For decades, the Canadian Space Agency (CSA) has claimed Canada doesn't want or need its own space launch capability, yet other elements of the federal government appear receptive to the idea.

As recently as June of this year, at the 2015 International Space Development Conference (ISDC2015), which was held from May 20th - 24th in Toronto, Ontario, former astronaut, CSA president and current member of parliament for Westmount—Ville-Marie, Marc Garneau publicly spoke out against a Canadian microsat launch vehicle. With rumours circulating of the creation of a new federal Science/Technology ministry with a mandate and budget that could dwarf the CSA's and with Garneau speculated to be anointed its leader, would his stance change? Screenshot c/o CSCA.

For decades, the CSA's main justification for not pursuing a home-grown Canadian space launch capability has been cost. The CSA has repeatedly claimed that the cost of a Canadian space launch vehicle would be far beyond its resources, costing in the hundreds of millions. This attitude is both politically and technologically tone-deaf, utterly ignoring the rise of the NewSpace industry and the advent of more cost-effective space technologies both in the US and around the world.

Even NASA is jumping on the bandwagon.

As outlined in the October 16th, 2015 SpaceFlight Now article, "NASA to fly CubeSats on three new commercial launchers," the US space agency has announced its awarding of $17.1Mln USD ($22.67Mln CDN) in contracts (as part of its venture class launch services program) to three firms developing new low-cost (less than $10Mln USD apiece) rockets designed to lift lightweight cube-sats into orbit.

One of these firms, New Zealand-based Rocket Lab Inc., has pioneered the use of 3D-printing and use of carbon composites in both the structure and engine of its 'Electron' rocket to reduce its price to a very competitive $5Mln USD ($6.63Mln CDN).

Rocket Lab also recently signed a contract with Moon Express, a California-based firm competing for the Google Lunar X-Prize, to launch its robotic lunar landers on Electron rockets, with the first launch scheduled for 2017.

"Bureaucracy destroys initiative. There is little that bureaucrats hate more than innovation, especially innovation that produces better results than the old routines. Improvements always make those at the top of the heap look inept. Who enjoys appearing inept?" Frank Herbert, Heretics of Dune.

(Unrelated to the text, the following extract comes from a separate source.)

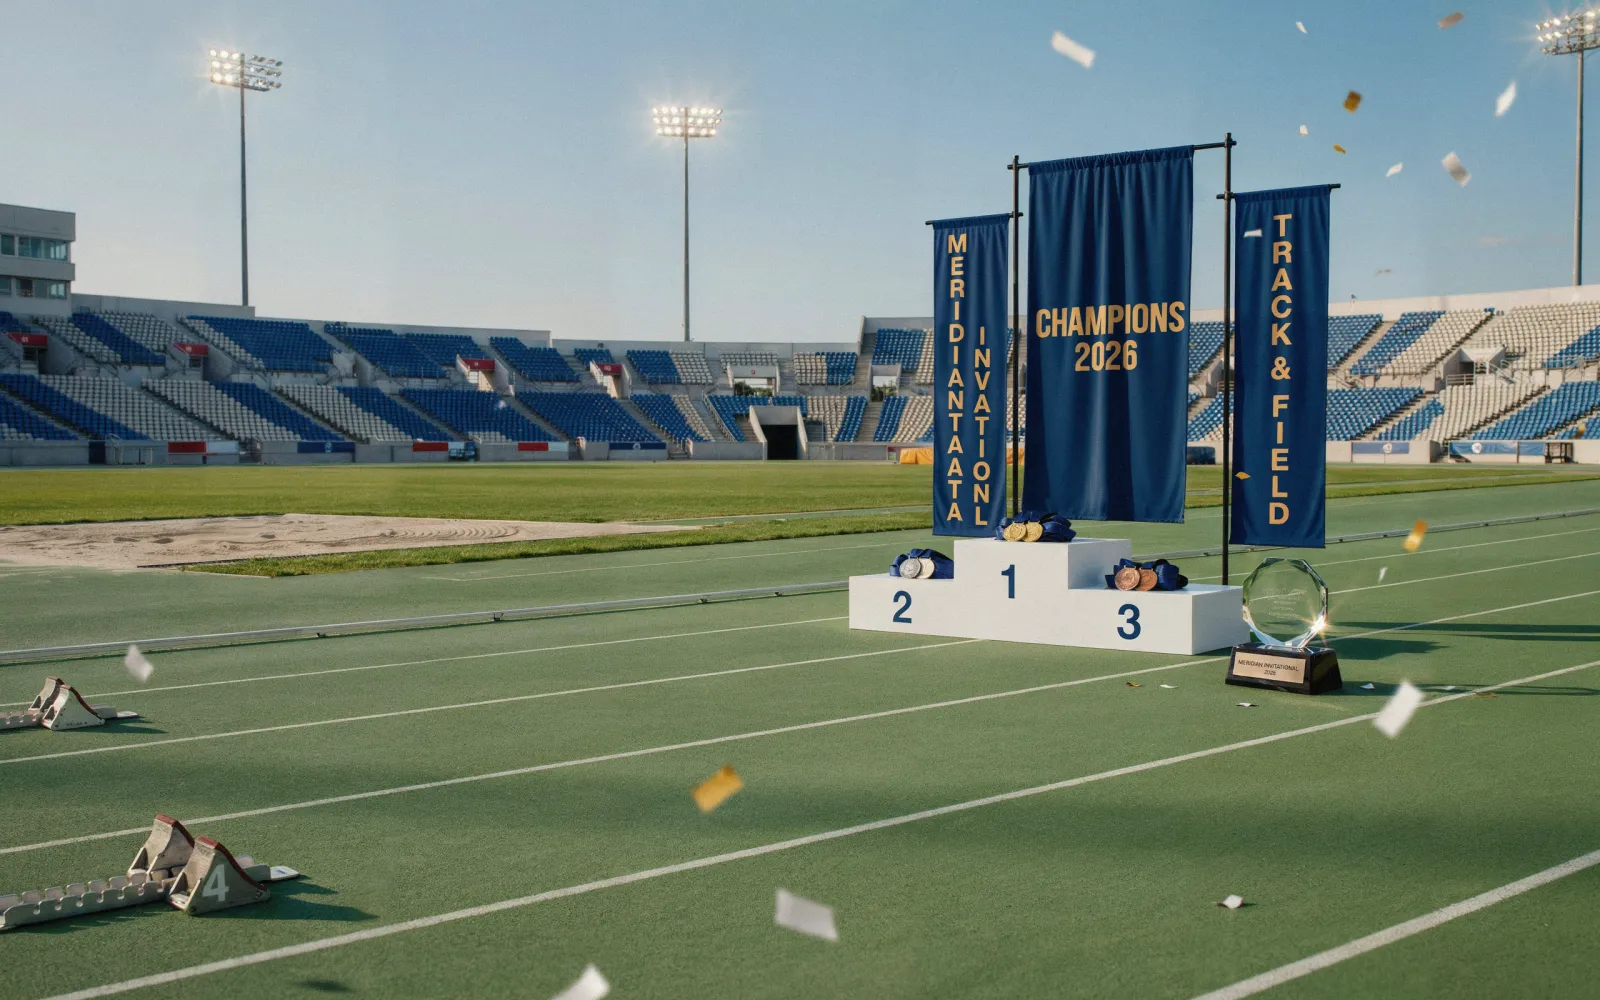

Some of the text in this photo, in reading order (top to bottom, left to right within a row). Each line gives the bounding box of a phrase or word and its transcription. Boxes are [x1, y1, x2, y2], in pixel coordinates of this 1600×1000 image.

It is a well-worn cliche that post-election periods are times of hope and great expectations. Despite this, the opportunity for genuine change is real. Canada now has the chance to uproot its timid, out-of-touch space bureaucracy and walk a bolder path.

The new government could lead the charge or it could step out of the way and let the private sector do what we now know is possible. Perhaps, if the CSA or some other government agency wanted to launch something, they'd even consider a potential Canadian supplier.

Brian Orlotti.
Either path would let Canadians honour a rightly proud past and build a future that remains so.

Brian Orlotti is a network operations centre analyst at Shomi, a Canadian provider of on-demand internet streaming media and a regular contributor to the Commercial Space blog.